What you will do: Copy exactly the run of lines that begins at the line with "this 1080×1920 image." and ends at the final line of the entries.

Stored data entries
▼▼▼

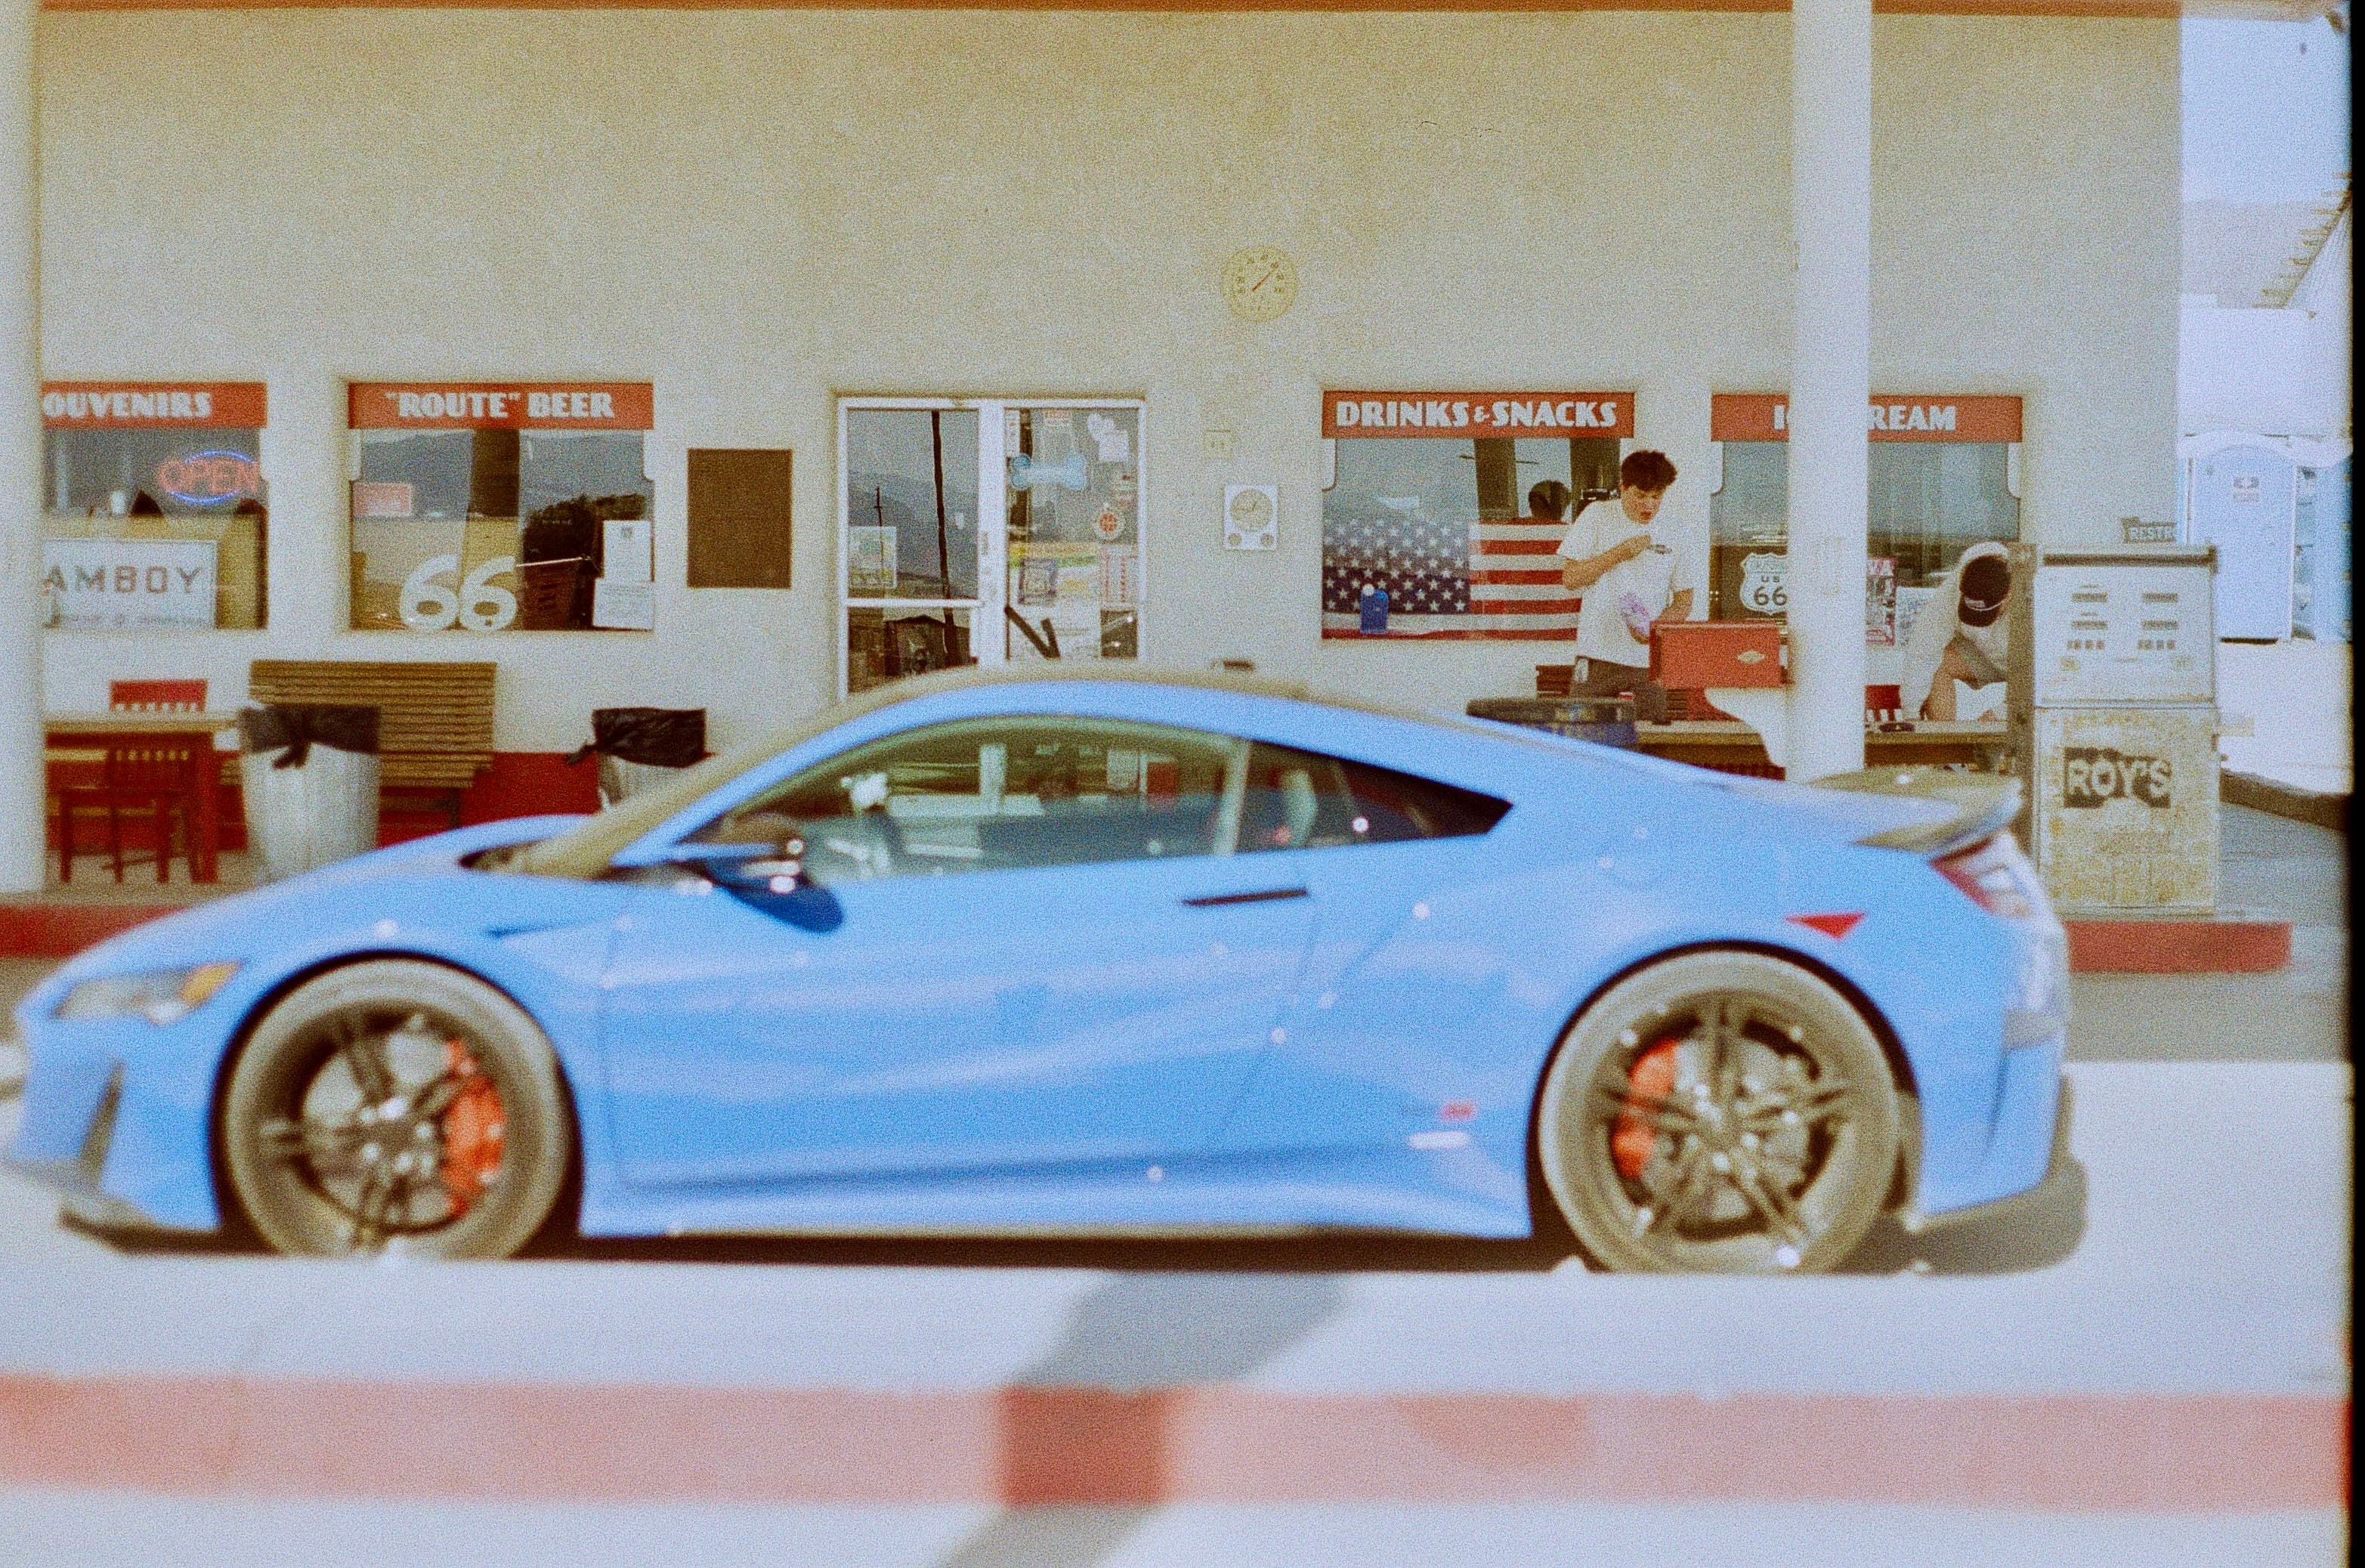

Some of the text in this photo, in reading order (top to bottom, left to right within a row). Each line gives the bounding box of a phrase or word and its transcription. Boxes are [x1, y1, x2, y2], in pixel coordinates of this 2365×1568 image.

[385, 391, 615, 418] "ROUTE" BEER
[1335, 400, 1618, 428] DRINKS & SNACKS
[1773, 404, 1789, 430] I
[42, 565, 200, 595] AMBOY
[400, 553, 518, 632] 66
[1753, 586, 1788, 607] 66
[2068, 757, 2172, 799] ROY'S
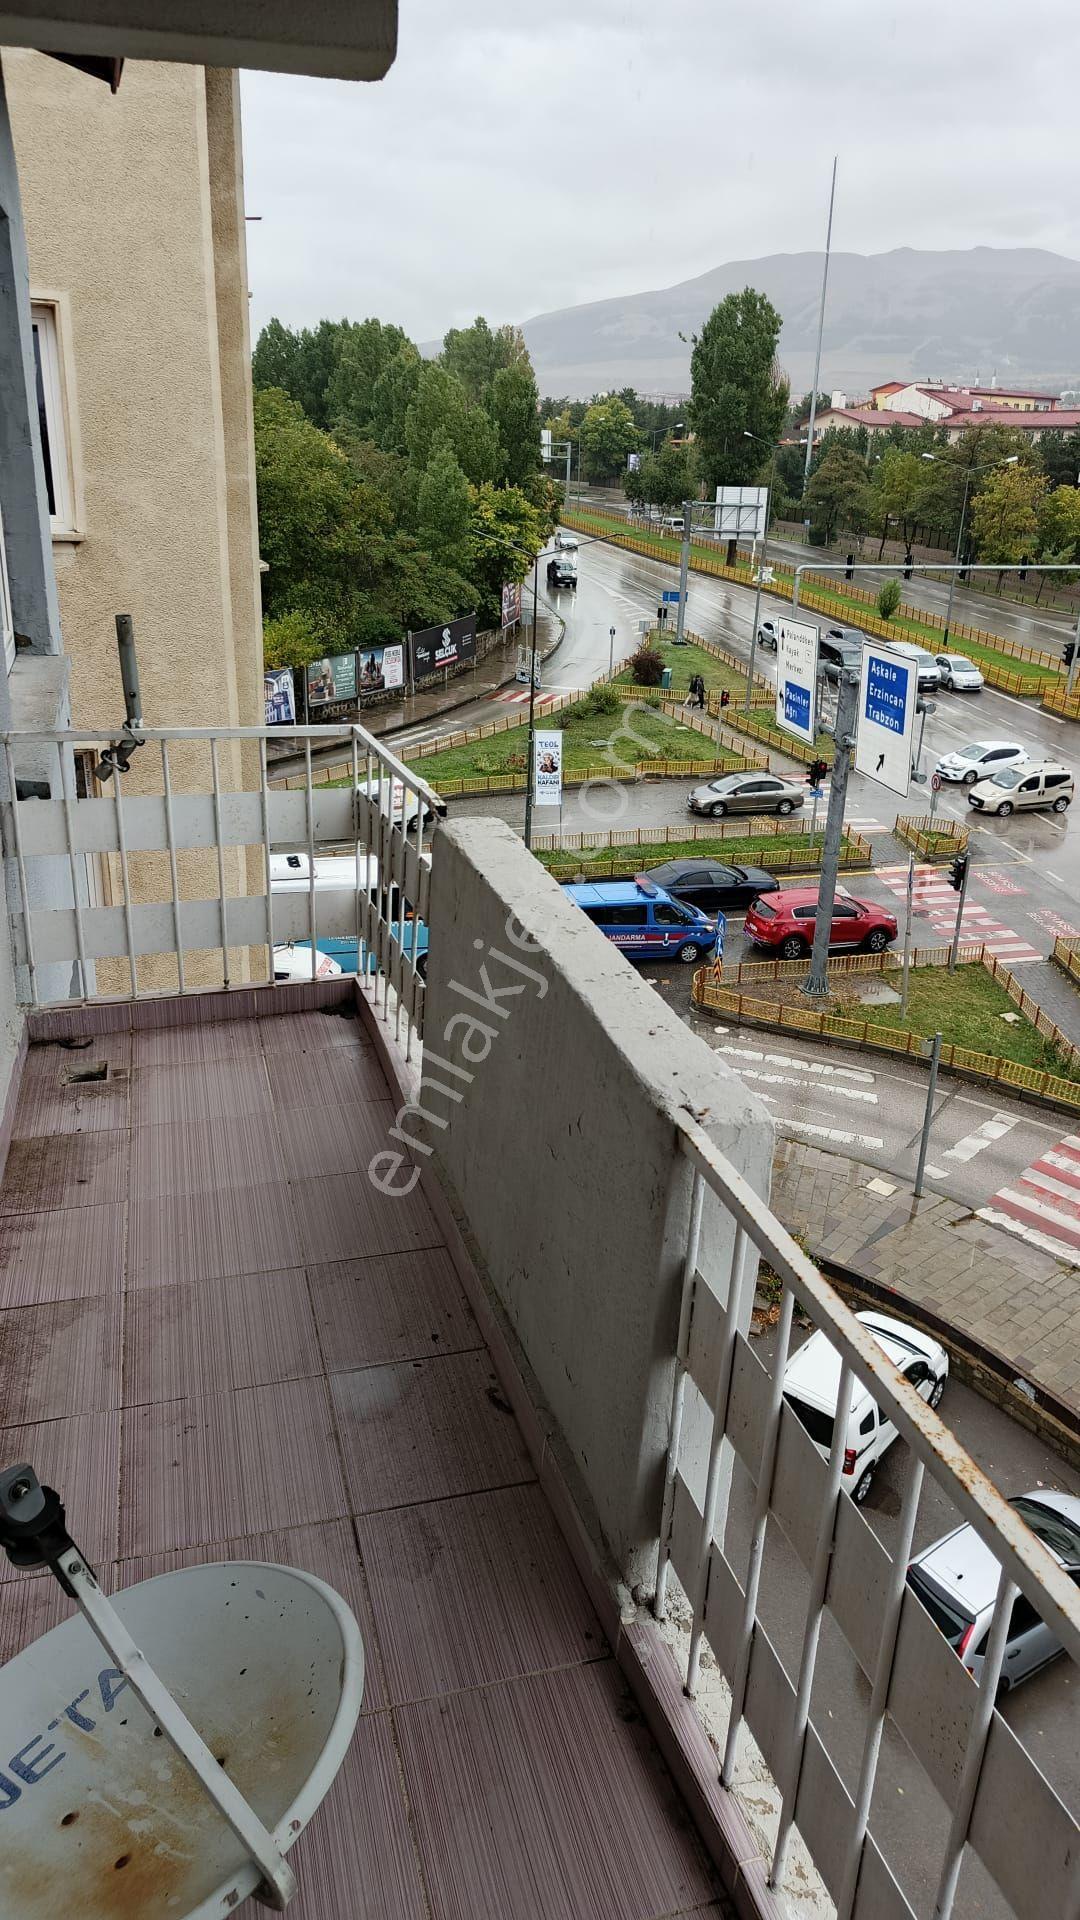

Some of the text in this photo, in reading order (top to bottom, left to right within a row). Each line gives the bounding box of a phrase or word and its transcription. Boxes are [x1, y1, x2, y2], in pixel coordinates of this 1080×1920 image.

[435, 643, 457, 660] SELÇUK
[871, 661, 897, 681] Aşkale
[786, 687, 809, 707] Pasinler
[869, 682, 904, 709] Erzincan
[868, 705, 900, 731] Trabzon

▲▲▲

Answer for this exercise:
Some of the text in this photo, in reading order (top to bottom, left to right within a row). Each line gives the bounding box of a phrase or word and its transcription. Boxes are [x1, y1, x2, y2], in pixel coordinates of this 1080×1920 image.

[435, 643, 457, 660] SELÇUK
[871, 661, 897, 681] Aşkale
[786, 687, 809, 707] Pasinler
[869, 682, 904, 709] Erzincan
[868, 705, 900, 731] Trabzon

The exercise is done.